Therapist By A Thread

“I pledge my commitment to the Blog for Mental Health 2014 Project. I will blog about mental health topics not only for myself, but for others. By displaying this badge, I show my pride, dedication, and acceptance for mental health. I use this to promote mental health education in the struggle to erase stigma.”

bfmh14-copy-e1388959797718http://acanvasoftheminds.com/2014/01/07/blog-for-mental-health-2014/

I came across this my very first day blogging and have been meaning to officially take this pledge ever since. My main purpose in starting this blog was to raise awareness of mental health and erase the stigma of carrying a mental health diagnosis.

When I am in the therapist’s chair, my clients often say things like, “You wouldn’t understand” or “I wish I had it so together like you!” I usually respond with something similar to, “I understand you feel so alone and isolated” for the former and, “Everybody’s got something to work on!” for the latter. On the outside, my job as a professional is to create a safe, one-sided relationship for my clients so they can achieve whatever goals they are in therapy to achieve. I am good at this. I am good at putting the attention on others, and I am very good at redirecting clients. I have even become a star at answering the mandatory personal questions (ie. “What’s the most difficult thing you have ever experienced?” to which I often replied while pregnant, “Making it through this therapy session without peeing my pants!”) while playing therapy games with clients. My clients have no idea of my diagnosis, and that is ethical and professional. At times, my heart breaks at their feelings of isolation, but it is not my job (on the contrary, it would be quite unethical of me to do this) to share the personal information they would need from me in order to realize that I understand them on a deeper level than the books I studied in graduate school.

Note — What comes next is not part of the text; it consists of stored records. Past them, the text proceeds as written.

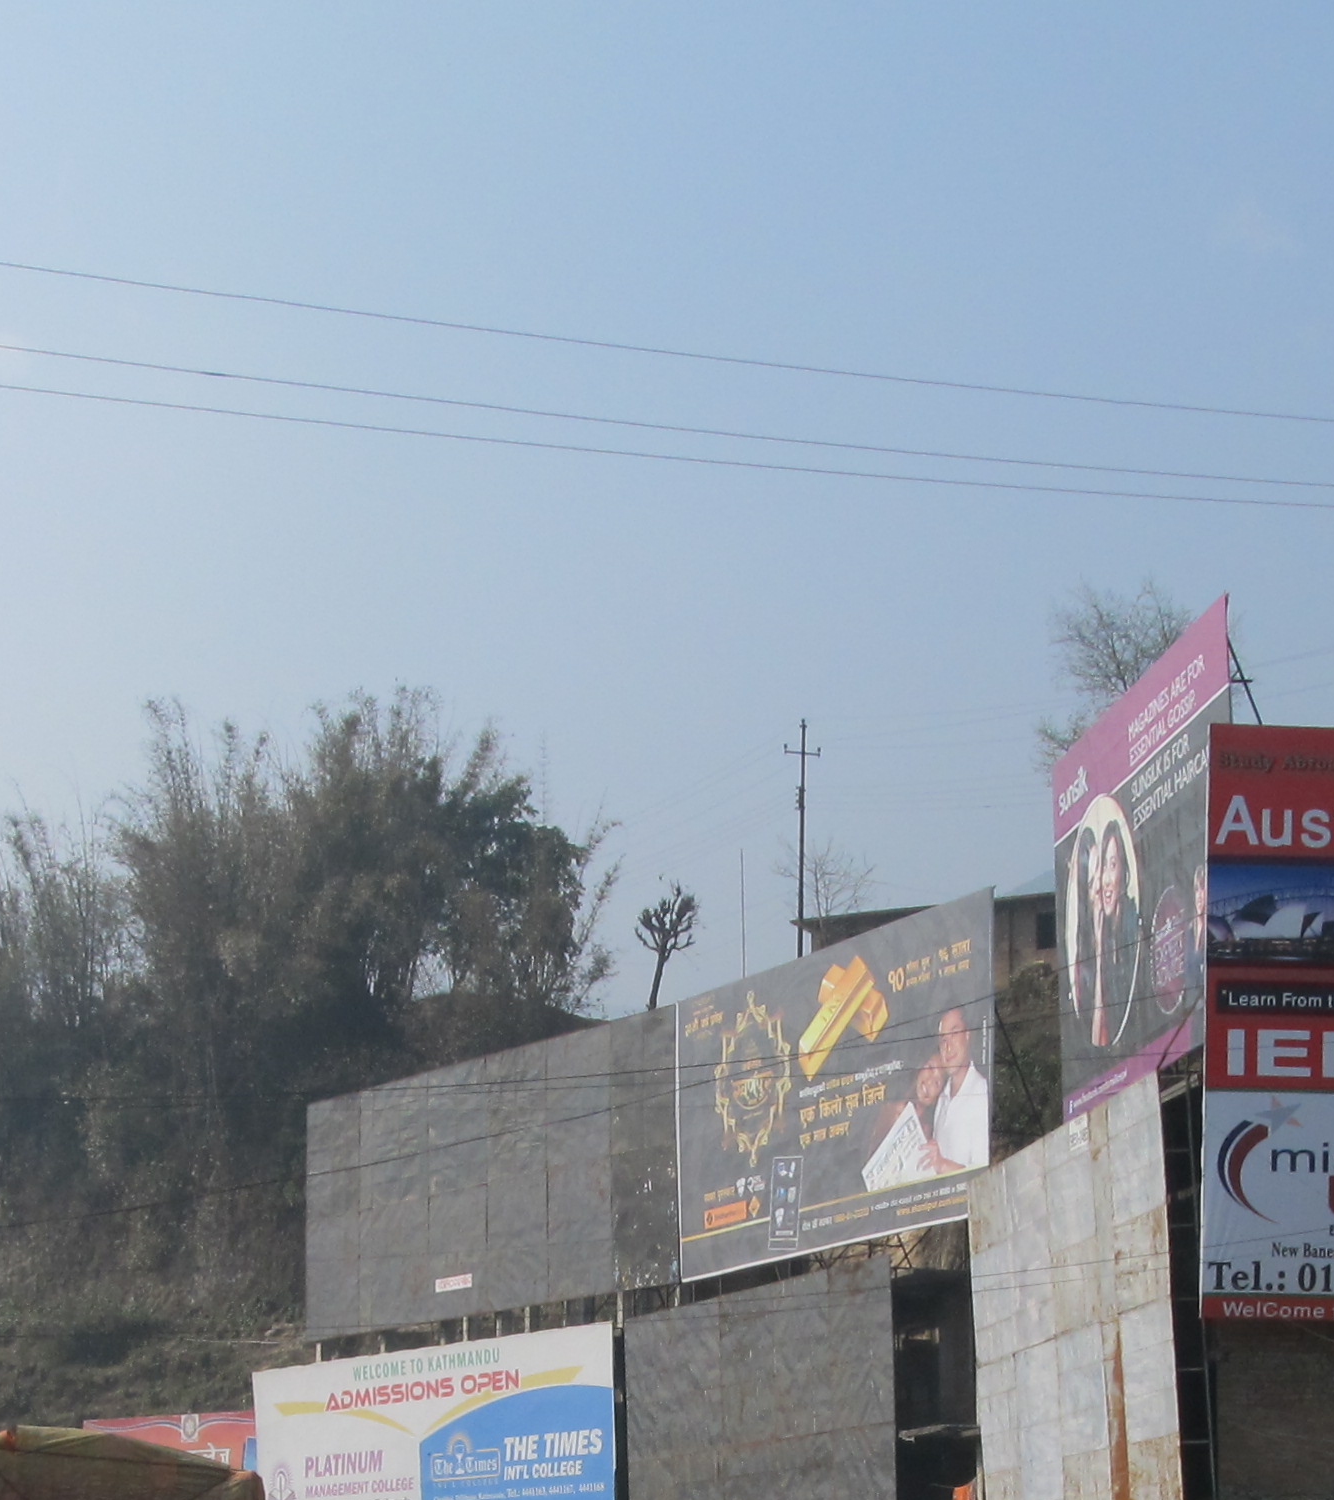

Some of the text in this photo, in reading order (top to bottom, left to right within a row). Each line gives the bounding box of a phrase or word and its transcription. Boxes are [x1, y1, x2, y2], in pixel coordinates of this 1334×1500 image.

[1128, 654, 1206, 742] MAGAZINES ARE FOR
[1130, 720, 1167, 767] ESSENTIAL
[1131, 756, 1163, 803] SUNSILK
[1172, 733, 1191, 764] FOR
[1133, 778, 1175, 832] ESSENTIAL
[1282, 993, 1322, 1008] From
[1271, 1242, 1298, 1257] New
[1208, 1261, 1286, 1292] Tel.:
[353, 1348, 499, 1381] WELCOME TO KATHMANDU
[324, 1369, 519, 1411] ADMISSIONS OPEN
[504, 1429, 603, 1461] THE TIMES
[305, 1450, 383, 1478] PLATINUM
[434, 1455, 498, 1475] The Times
[504, 1460, 583, 1480] INT'L COLLEGE
[306, 1477, 414, 1498] MANAGEMENT COLLEGE

But I do understand them on a deeper level. At times, I am struck by their ability to verbalize the feelings I have been working to verbalize in my own therapy for months. I actually sometimes type out what I want to say and bring it to therapy with me, in a desperate attempt to not shut down or dissociate in session. After work, I pull off my professional mask and put on my mommy mask. This includes homeschooling my almost four year old, breastfeeding a five and half month old at all hours of the night, and making half-assed dinners that at least one person will not be interested in consuming. I do my best to keep my mask on until the kids are in bed for the night, but this does not always happen; my son has found me, on several occasions, hiding in the dark bathroom as I struggle to pull myself together.

Finally, I pull off my mask and what is underneath is ugly. There are scars. There is blood. There are tears. There is anger. There is hurt. Hatred. Need. Desire. And there is sin. It is officially labeled posttraumatic stress disorder (PTSD). It is a world that it seems nobody wants to acknowledge. There are deep secrets that, as someone said to me recently, “Our family tends to forget.”

This is why I am writing a blog. It is wrong to forget family secrets. Family secrets strengthen generational cycles so that more and more children are consumed by darkness. I have shared this blog with my real world, and many in my real world are unimpressed. Most have quietly ignored my loud proclamation from this rock I have climbed upon. I am shaking as I make this proclamation, but I am shouting as loud as I can. I am scared to speak out, but I am. I shout louder with the more courage I have, and with the more healing I have experienced. Inside I am weak and bloody, but I will not stop shouting. People need to stop quietly ignoring family secrets. Family secrets need to be exposed and changed… and healed, so that the cycle will stop. If this blog leads just one person to speak up about their scary secrets in attempt to make healthy change, my goal has been reached.

“Take no part in the unfruitful works of darkness, but instead expose them… . When anything is exposed by the light, it becomes visible, for anything that becomes visible is light” -Ephesians 5:11-14.

12 thoughts on “Therapist By A Thread

  1. i love every word of this. You have the unique position to see things from the client perspective and the therapist perspective. It give you amazing insights. Such helpful words you have sent my way as a result. You are amazingly strong, even when you feel weak and curl up in the darkness. You continue on. That in of itself is amazing. hugs to you

    • Thank you for your wonderful encouraging words all the time. Thank you for holding my hand and sitting beside me when I retreat into the darkness. Truly, no amount of thanks can adequately describe the support I feel from you.

  2. Your raw, honest pain hurts, yet I find so much glorious joy when you say “People need to stop quietly ignoring family secrets. Family secrets need to be exposed and changed… and healed, so that the cycle will stop.” and I think Yes! Yes! For each one of us who stand up and feels this and then acts upon it, will stop this cycle. Thank you so much.

  3. I love your description of the challenge of walking the fine line between being the objective professional and the accessible human being that our clients feel comfortable revealing themselves with. It is part of the challenge for us all as therapists. And yes, being on both sides of the chair informs both. Love your blog!

    • Thanks so much for the encouragement! I have the first page of your blog bookmarked, I am so so curious to read this entire story you’re posting. I love what I’ve read of it so far, including this morning’s!